> **What you are asked to do**
Whenever a picture appears, leave it out while repeating all the other data exactly.

Saved data entries

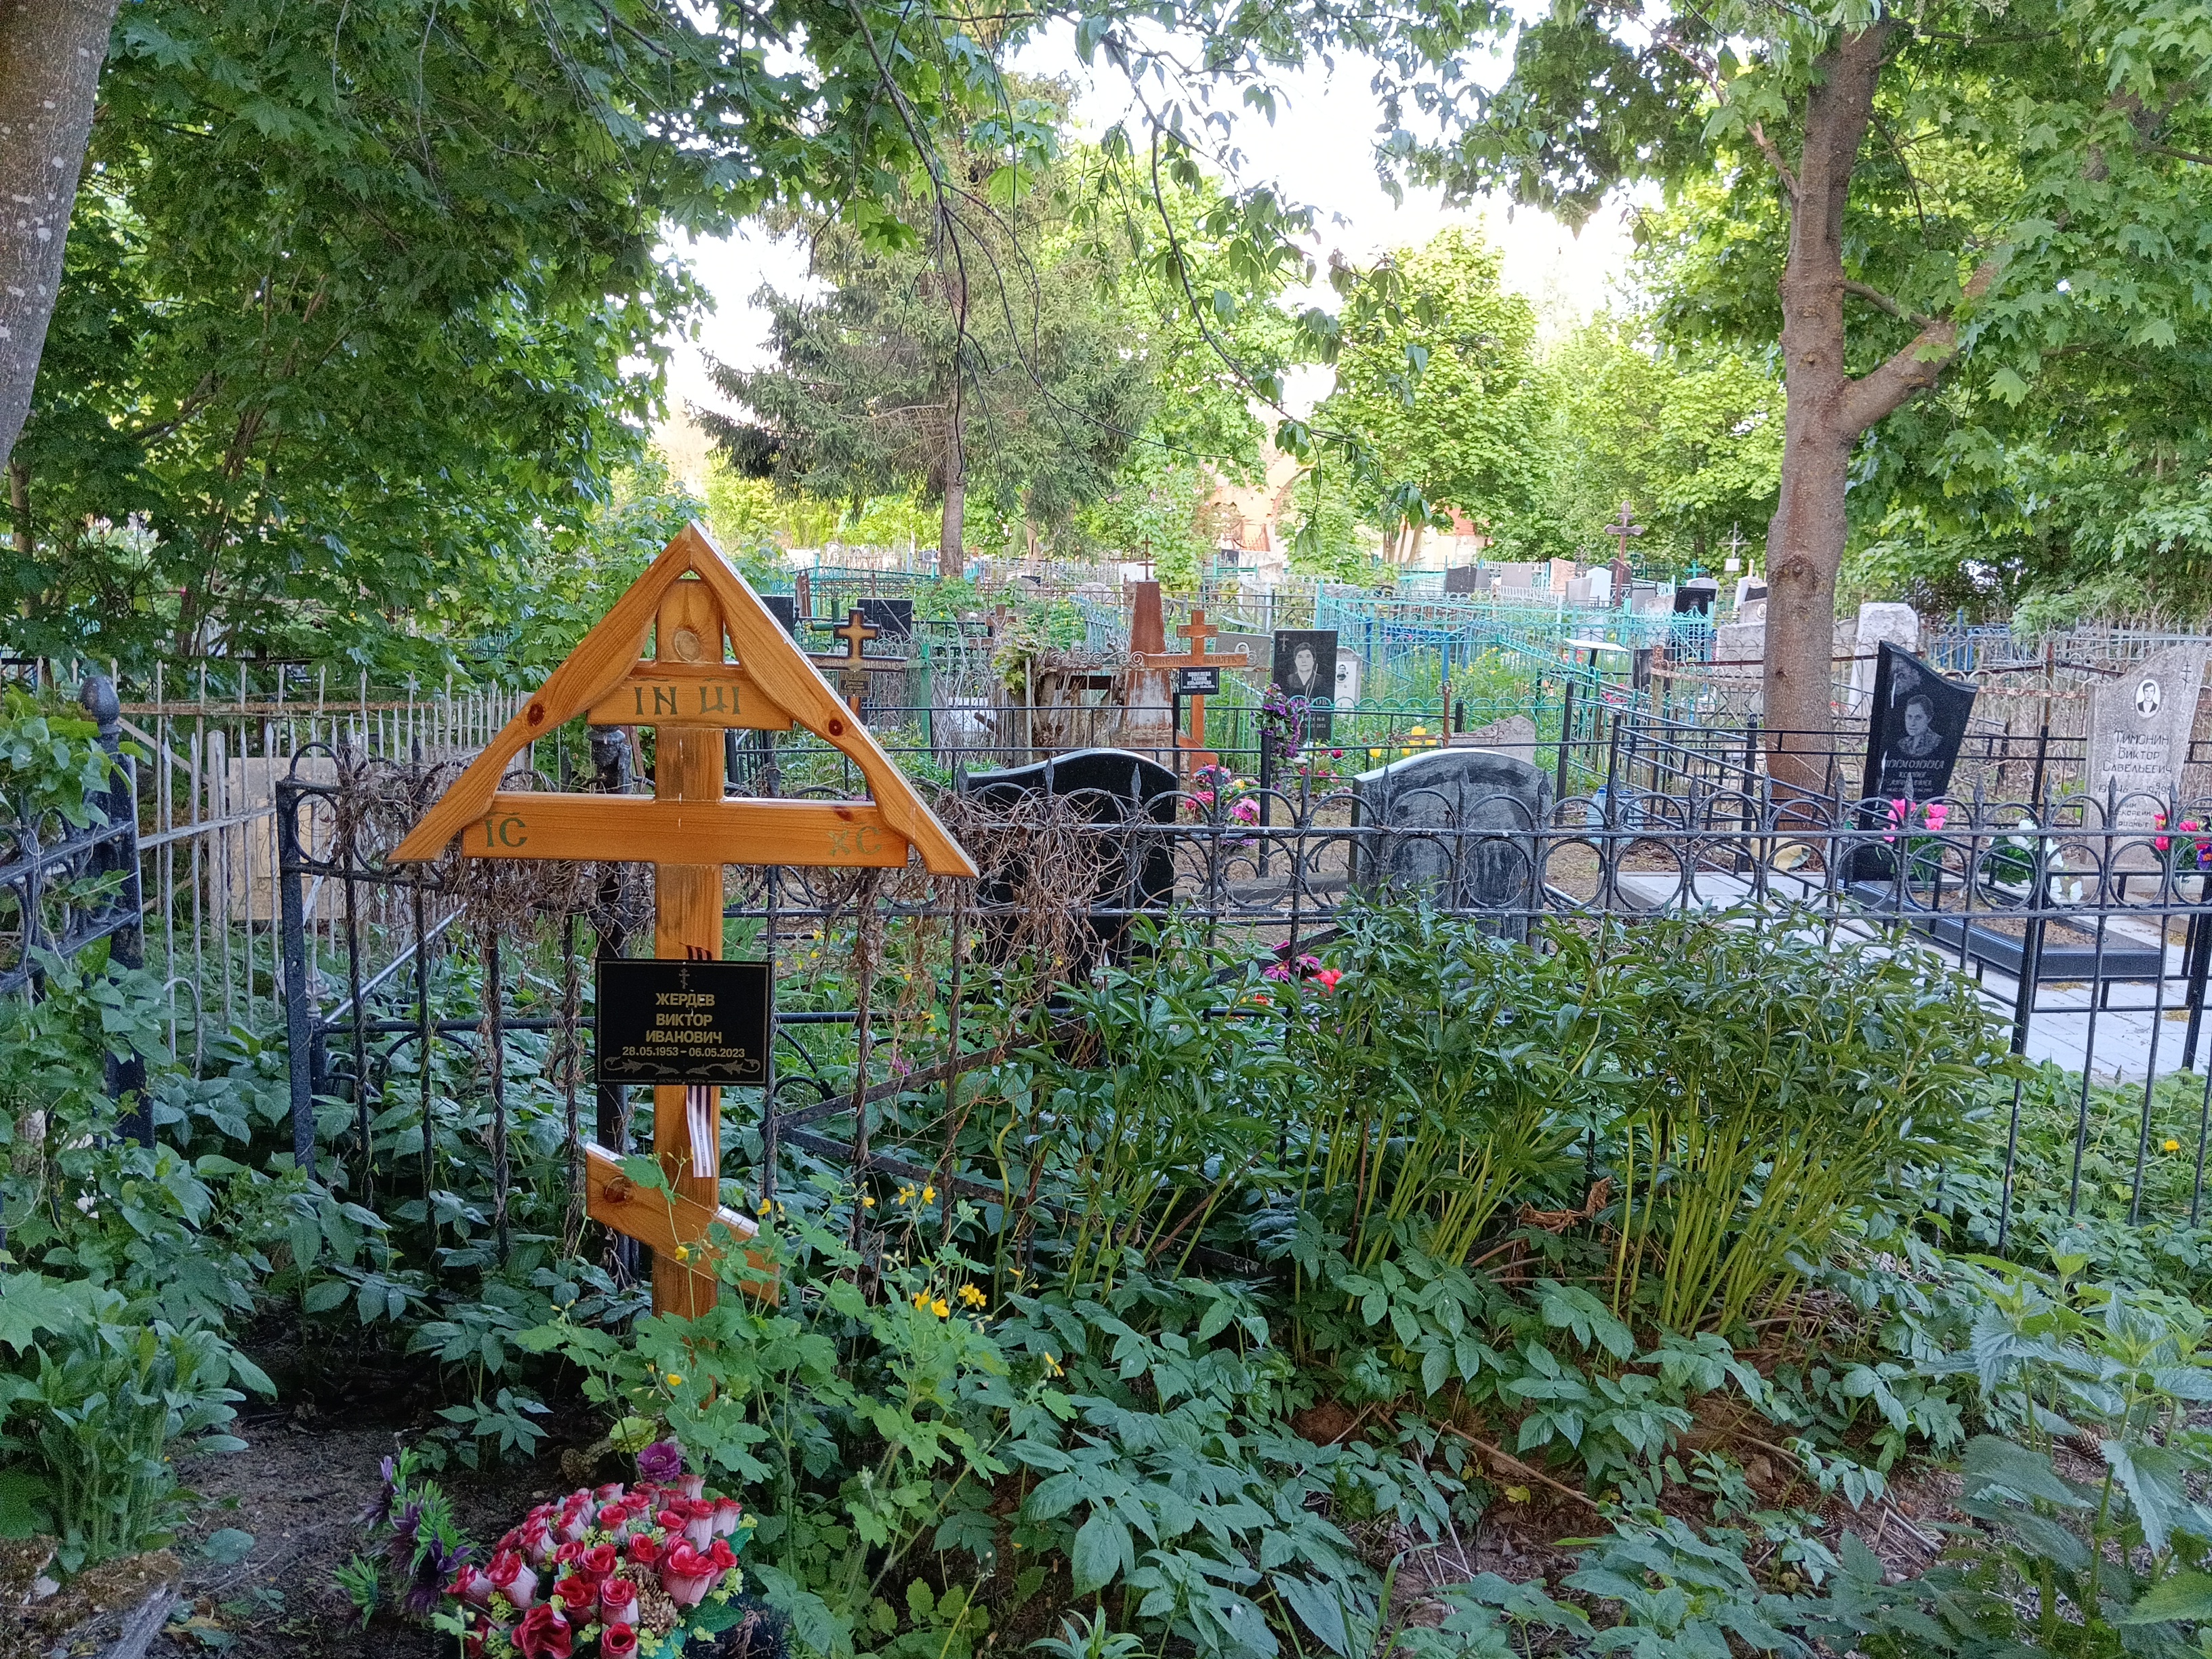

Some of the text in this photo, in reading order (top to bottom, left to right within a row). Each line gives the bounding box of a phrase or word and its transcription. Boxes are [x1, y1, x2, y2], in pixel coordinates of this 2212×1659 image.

[655, 993, 715, 1008] ЖЕРДЕВ
[656, 1013, 713, 1026] ВИКТОР
[646, 1030, 722, 1044] ИВАНОВИЧ
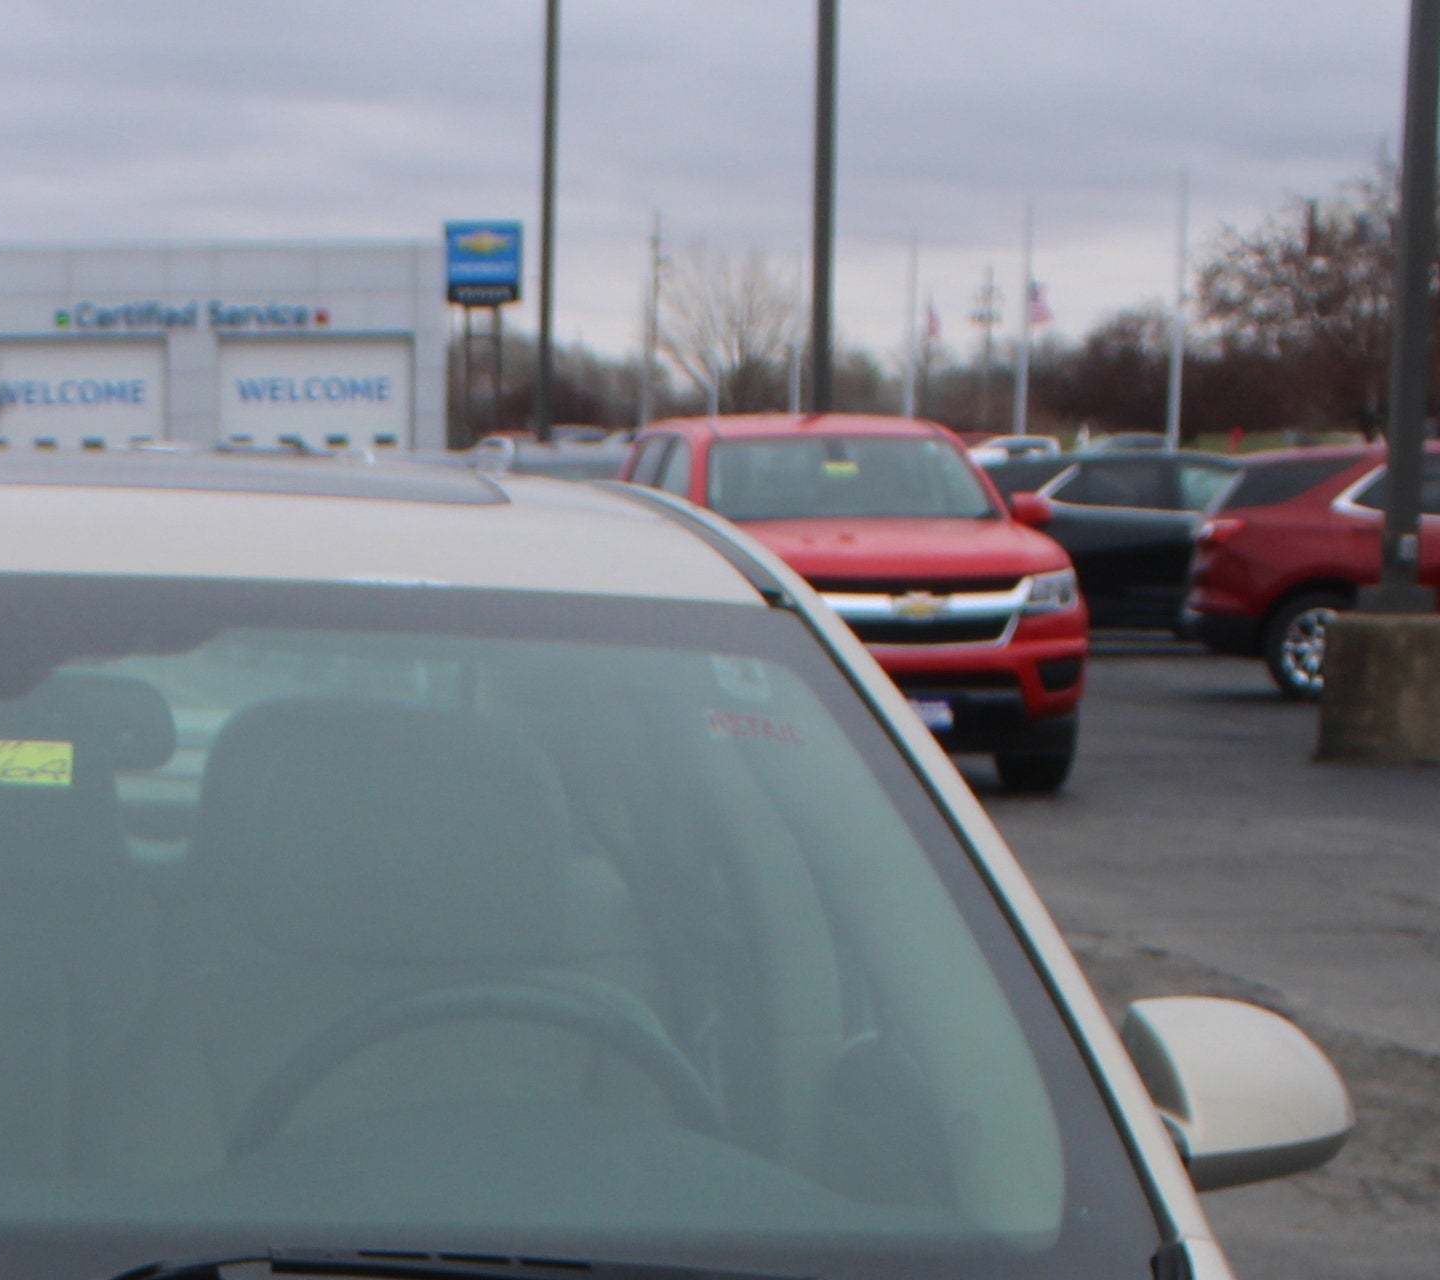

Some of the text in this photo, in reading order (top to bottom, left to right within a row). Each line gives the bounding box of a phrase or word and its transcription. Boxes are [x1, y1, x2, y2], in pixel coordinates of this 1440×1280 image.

[74, 300, 310, 328] Certified Service
[236, 376, 392, 402] WELCOME
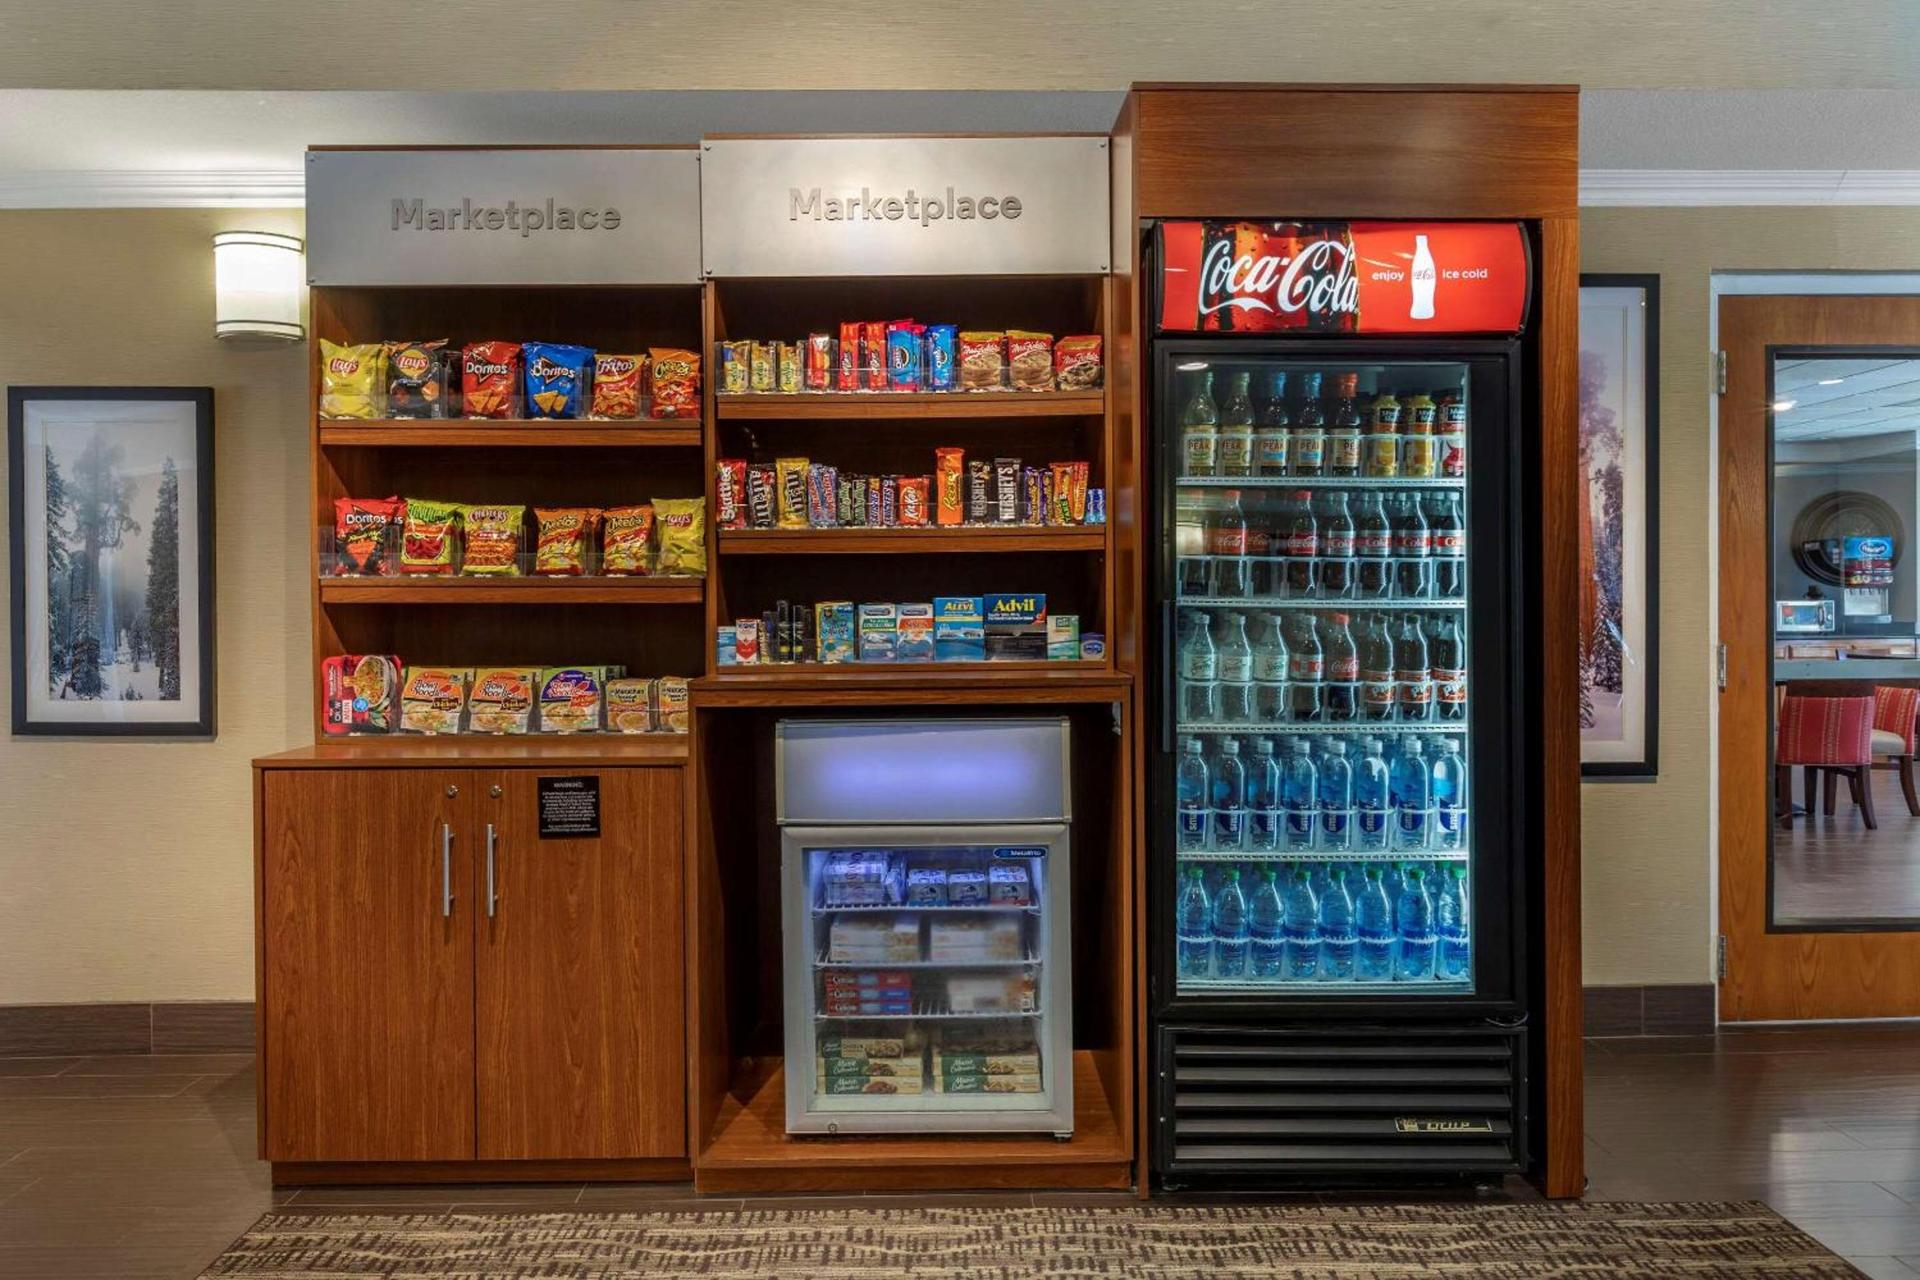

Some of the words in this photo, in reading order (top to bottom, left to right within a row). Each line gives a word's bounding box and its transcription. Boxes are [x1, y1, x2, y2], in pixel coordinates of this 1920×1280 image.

> **Response box**
Some of the text in this photo, in reading order (top to bottom, left to right within a row). Each line gives the bounding box of a phrase or word and its transcription. Boxes are [x1, y1, x2, y2], in pixel coordinates of this 2212×1659 image.

[655, 993, 715, 1008] ЖЕРДЕВ
[656, 1013, 713, 1026] ВИКТОР
[646, 1030, 722, 1044] ИВАНОВИЧ

Some of the text in this photo, in reading order (top to bottom, left to right within a row). Each line gives the bounding box of a phrase or word and its transcription. Boxes are [x1, y1, x2, y2], in pixel coordinates of this 1440×1280 image.

[74, 300, 310, 328] Certified Service
[236, 376, 392, 402] WELCOME

Some of the words in this photo, in reading order (top to bottom, left to right within a row). Each line gives a word's bounding box and its transcription. Boxes are [x1, y1, x2, y2], in pixel coordinates of this 1920×1280 image.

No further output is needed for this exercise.